### What you are asked to do
What you return should match every record exactly, with the images removed.
- - - - -
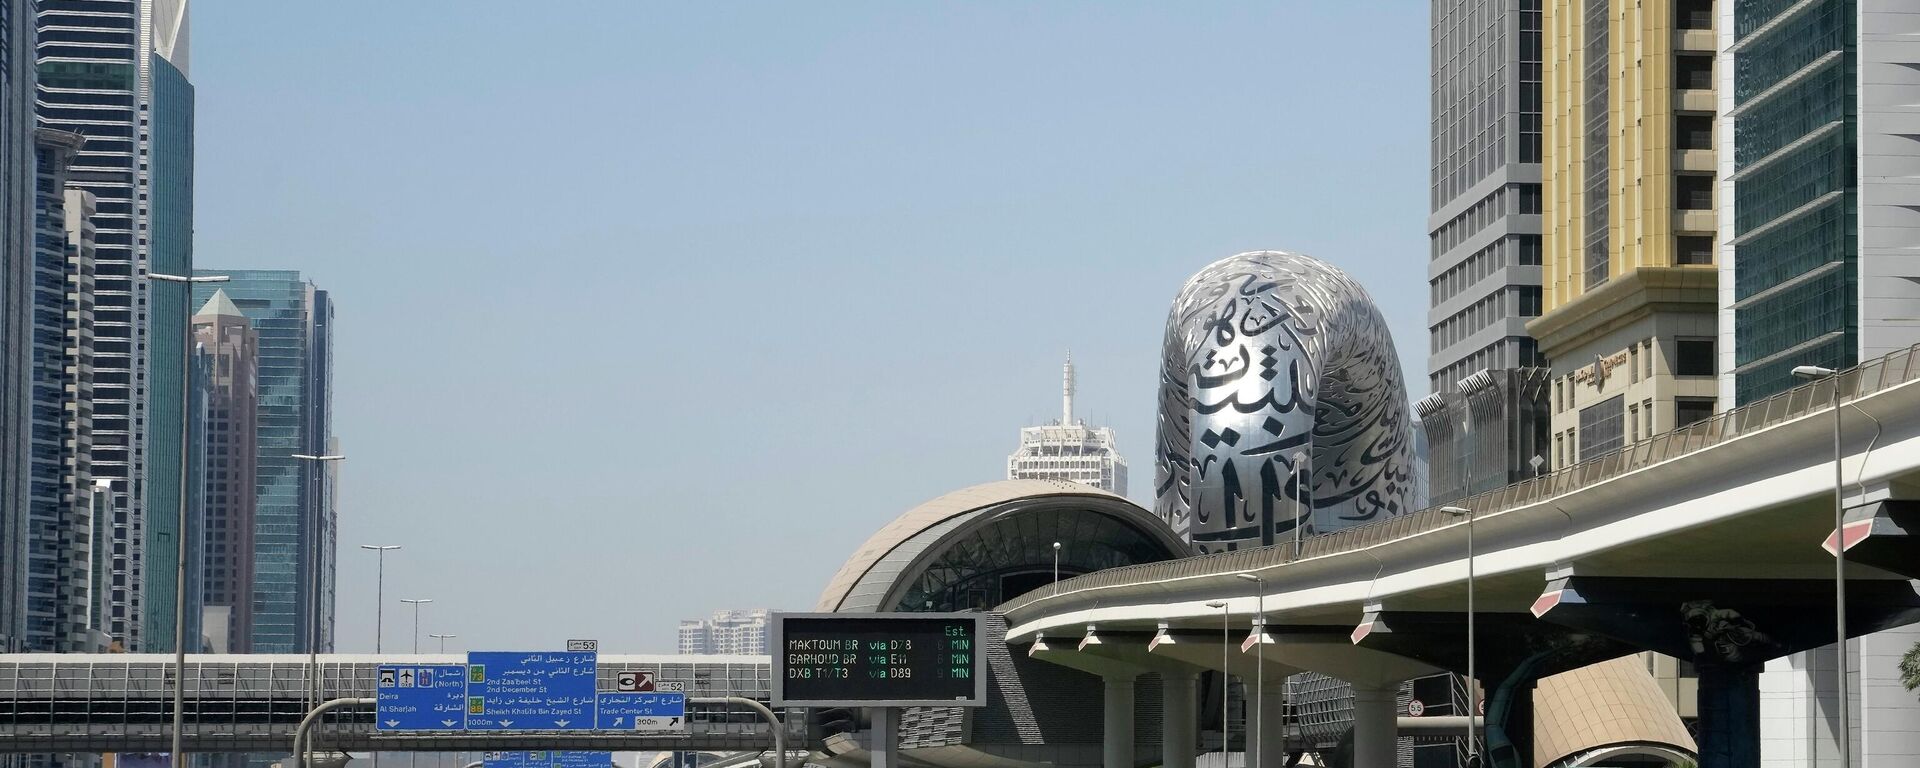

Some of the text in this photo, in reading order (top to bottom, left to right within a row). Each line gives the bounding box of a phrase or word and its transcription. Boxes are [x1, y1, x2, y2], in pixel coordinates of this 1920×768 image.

[945, 625, 967, 637] Est.
[583, 641, 595, 650] 53
[789, 639, 841, 650] MAKTOUM
[845, 639, 859, 650] BR
[869, 640, 886, 650] via
[890, 639, 912, 650] D78
[951, 639, 969, 650] MIN
[520, 654, 595, 665] شارع زعبيل الثاني
[789, 653, 839, 664] GARHOUD
[843, 653, 857, 664] BR
[869, 654, 886, 664] via
[890, 653, 907, 664] E11
[951, 653, 969, 664] MIN
[471, 672, 483, 681] 73
[502, 667, 594, 678] شارع الثاني من ديسمبر
[789, 667, 811, 678] DXB
[815, 667, 849, 678] T1/T3
[869, 668, 886, 678] via
[890, 667, 911, 678] D89
[951, 667, 969, 678] MIN
[670, 682, 682, 691] 52
[447, 692, 464, 700] ديرة
[518, 696, 542, 705] خليفة
[487, 697, 502, 705] زايد
[546, 696, 569, 706] الشيخ
[572, 697, 593, 706] شارع
[600, 696, 682, 706] شارع المركز التجاري
[389, 705, 417, 713] Sharjah
[434, 704, 464, 713] الشارقة
[470, 705, 482, 713] 88
[551, 708, 572, 716] Zayed
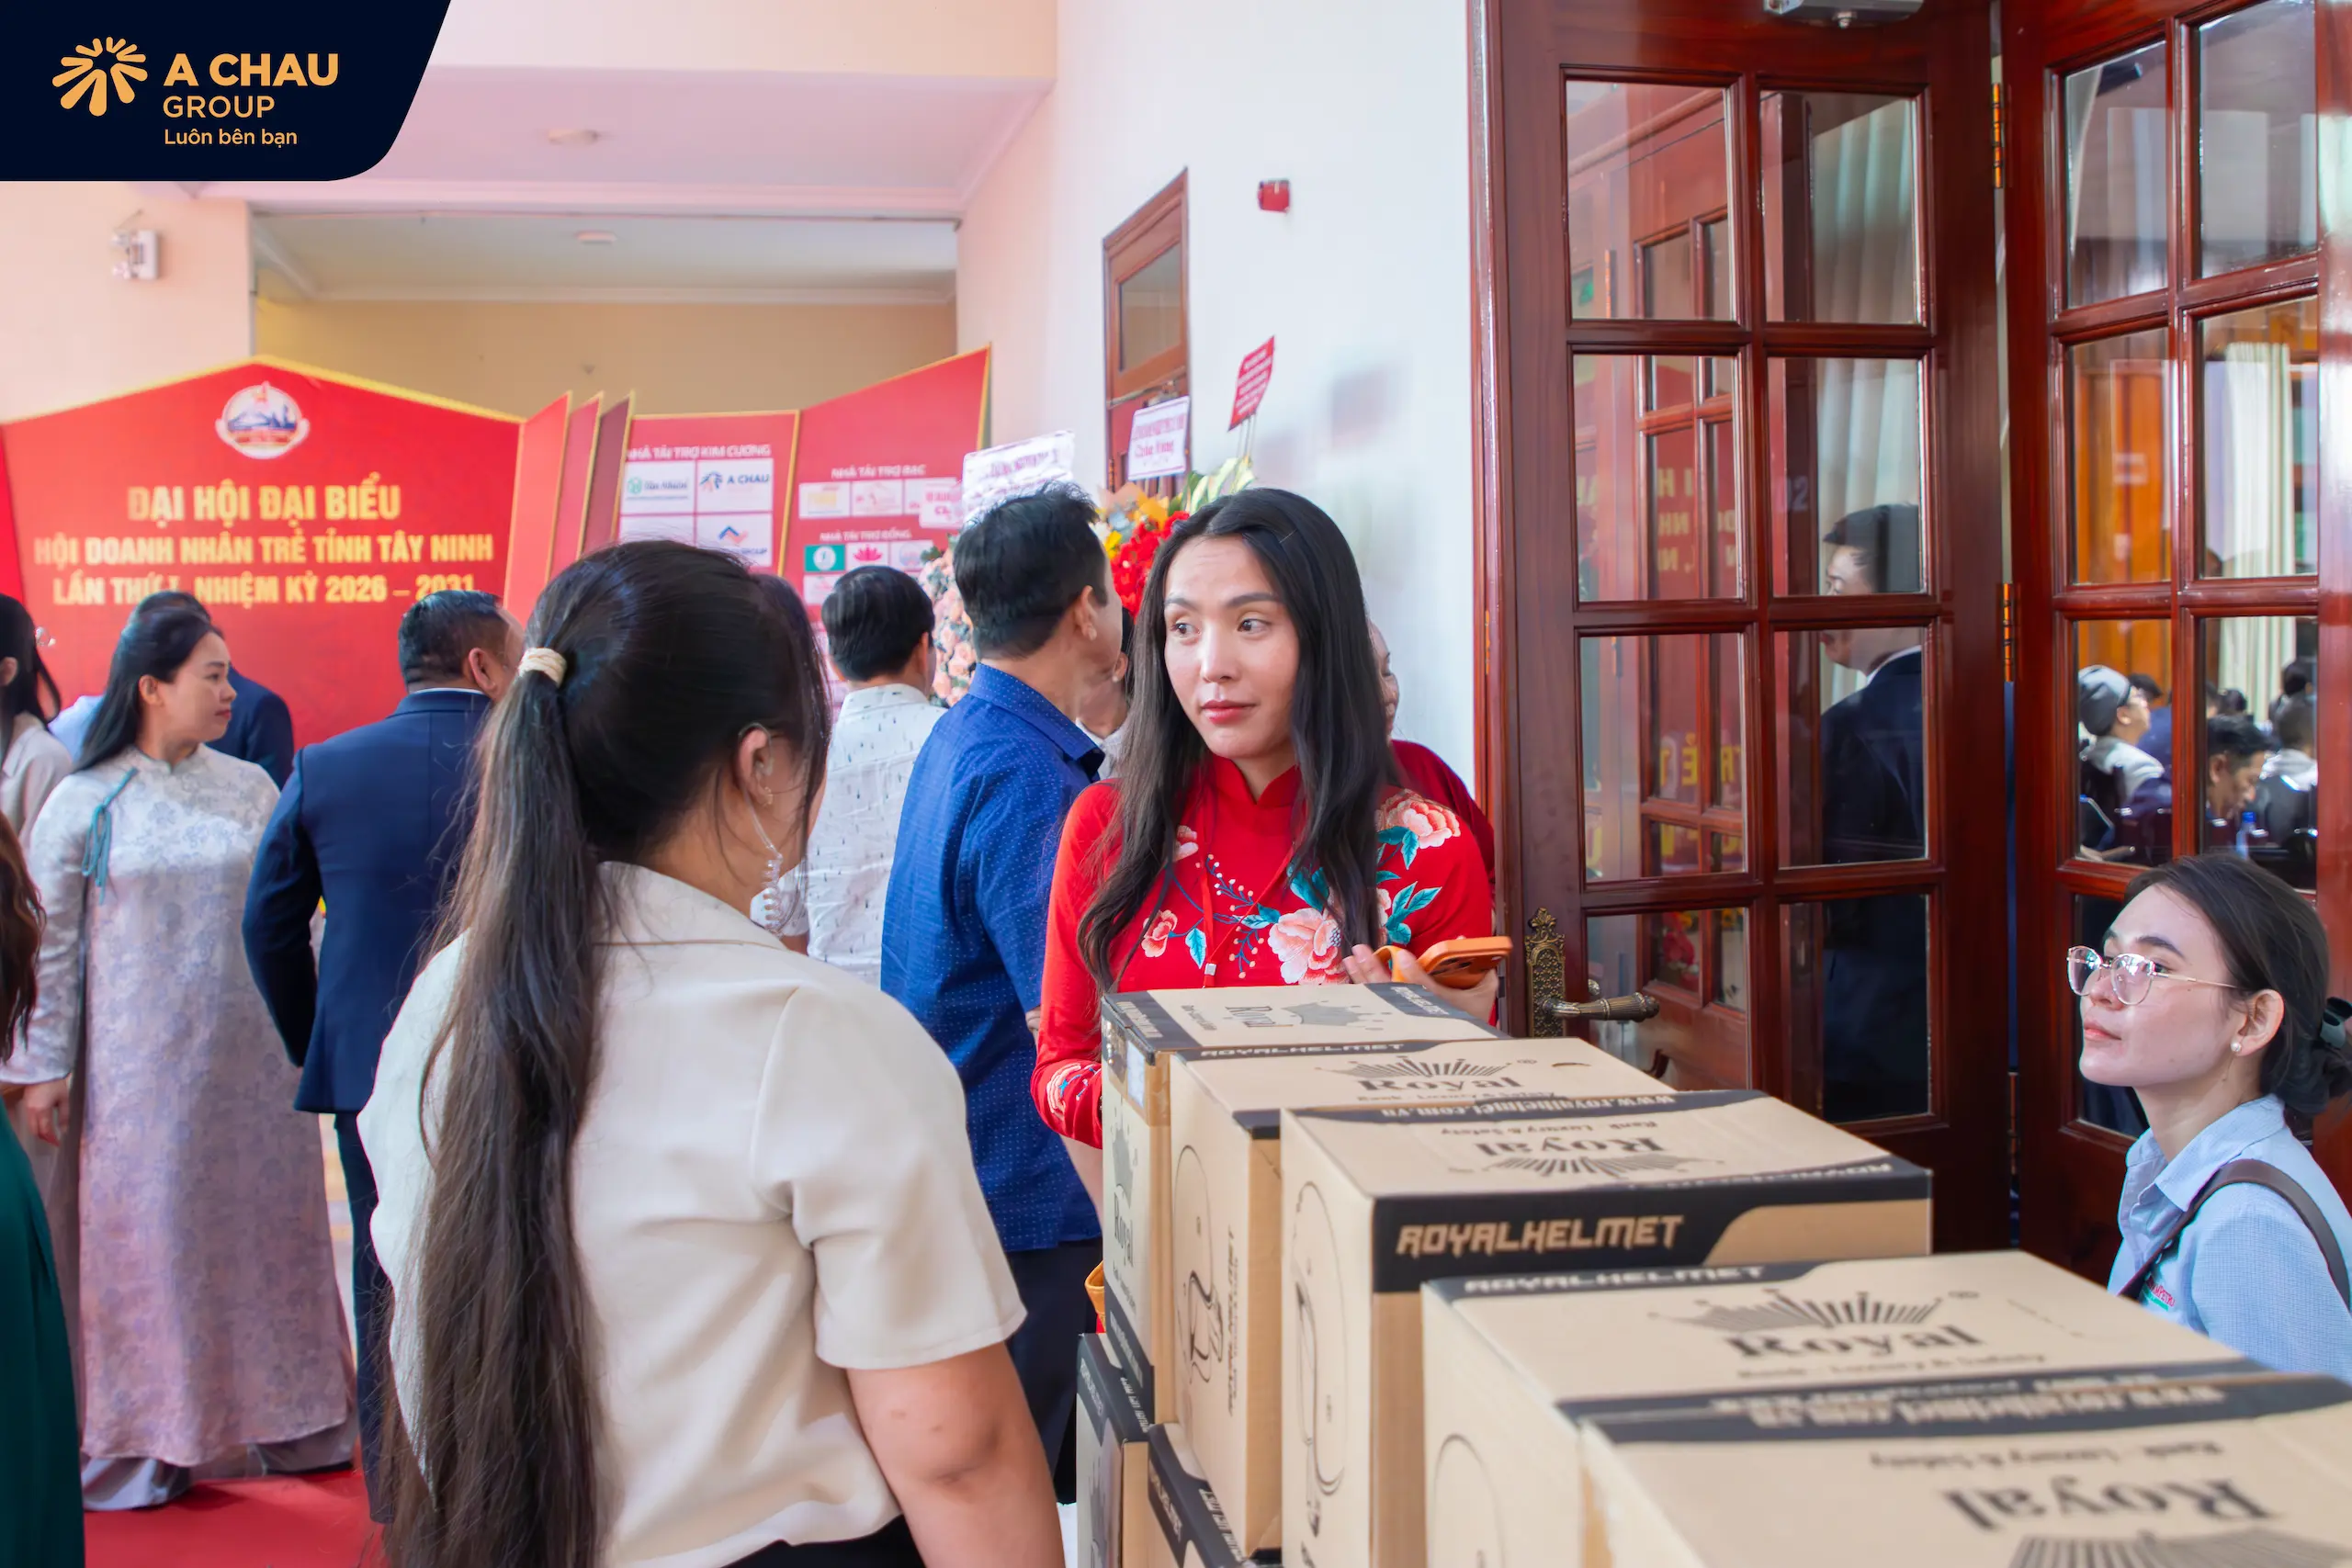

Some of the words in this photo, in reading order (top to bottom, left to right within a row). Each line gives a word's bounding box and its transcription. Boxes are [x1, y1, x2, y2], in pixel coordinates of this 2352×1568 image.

[193, 479, 251, 528] HỘI
[259, 485, 316, 528] ĐẠI
[325, 471, 401, 521] BIỂU
[34, 532, 79, 570] HỘI
[85, 536, 175, 565] DOANH
[180, 531, 254, 564] NHÂN
[258, 528, 307, 563] TRẺ
[312, 527, 371, 563] TỈNH
[377, 530, 424, 563] TÂY
[431, 534, 494, 562] NINH
[195, 570, 279, 609] NHIỆM
[325, 574, 388, 603] 2026
[1201, 1043, 1406, 1057] ROYALHELMET
[1358, 1077, 1524, 1092] Royal
[1475, 1137, 1665, 1156] Royal
[1396, 1214, 1685, 1259] ROYALHELMET
[1464, 1266, 1766, 1292] ROYALHELMET
[1725, 1325, 1985, 1358] Royal
[1941, 1476, 2280, 1532] Royal
- - - - -
### Response
Some of the text in this photo, in reading order (top to bottom, left to right within a row). Each line gives the bounding box of a phrase or word and its transcription. Boxes are [x1, y1, x2, y2], in pixel coordinates of this 1920×768 image.

[945, 625, 967, 637] Est.
[583, 641, 595, 650] 53
[789, 639, 841, 650] MAKTOUM
[845, 639, 859, 650] BR
[869, 640, 886, 650] via
[890, 639, 912, 650] D78
[951, 639, 969, 650] MIN
[520, 654, 595, 665] شارع زعبيل الثاني
[789, 653, 839, 664] GARHOUD
[843, 653, 857, 664] BR
[869, 654, 886, 664] via
[890, 653, 907, 664] E11
[951, 653, 969, 664] MIN
[471, 672, 483, 681] 73
[502, 667, 594, 678] شارع الثاني من ديسمبر
[789, 667, 811, 678] DXB
[815, 667, 849, 678] T1/T3
[869, 668, 886, 678] via
[890, 667, 911, 678] D89
[951, 667, 969, 678] MIN
[670, 682, 682, 691] 52
[447, 692, 464, 700] ديرة
[518, 696, 542, 705] خليفة
[487, 697, 502, 705] زايد
[546, 696, 569, 706] الشيخ
[572, 697, 593, 706] شارع
[600, 696, 682, 706] شارع المركز التجاري
[389, 705, 417, 713] Sharjah
[434, 704, 464, 713] الشارقة
[470, 705, 482, 713] 88
[551, 708, 572, 716] Zayed

Some of the words in this photo, in reading order (top to bottom, left to right within a row). Each line gives a word's bounding box and its transcription. Boxes are [x1, y1, x2, y2], in pixel coordinates of this 2352×1568 image.

[193, 479, 251, 528] HỘI
[259, 485, 316, 528] ĐẠI
[325, 471, 401, 521] BIỂU
[34, 532, 79, 570] HỘI
[85, 536, 175, 565] DOANH
[180, 531, 254, 564] NHÂN
[258, 528, 307, 563] TRẺ
[312, 527, 371, 563] TỈNH
[377, 530, 424, 563] TÂY
[431, 534, 494, 562] NINH
[195, 570, 279, 609] NHIỆM
[325, 574, 388, 603] 2026
[1201, 1043, 1406, 1057] ROYALHELMET
[1358, 1077, 1524, 1092] Royal
[1475, 1137, 1665, 1156] Royal
[1396, 1214, 1685, 1259] ROYALHELMET
[1464, 1266, 1766, 1292] ROYALHELMET
[1725, 1325, 1985, 1358] Royal
[1941, 1476, 2280, 1532] Royal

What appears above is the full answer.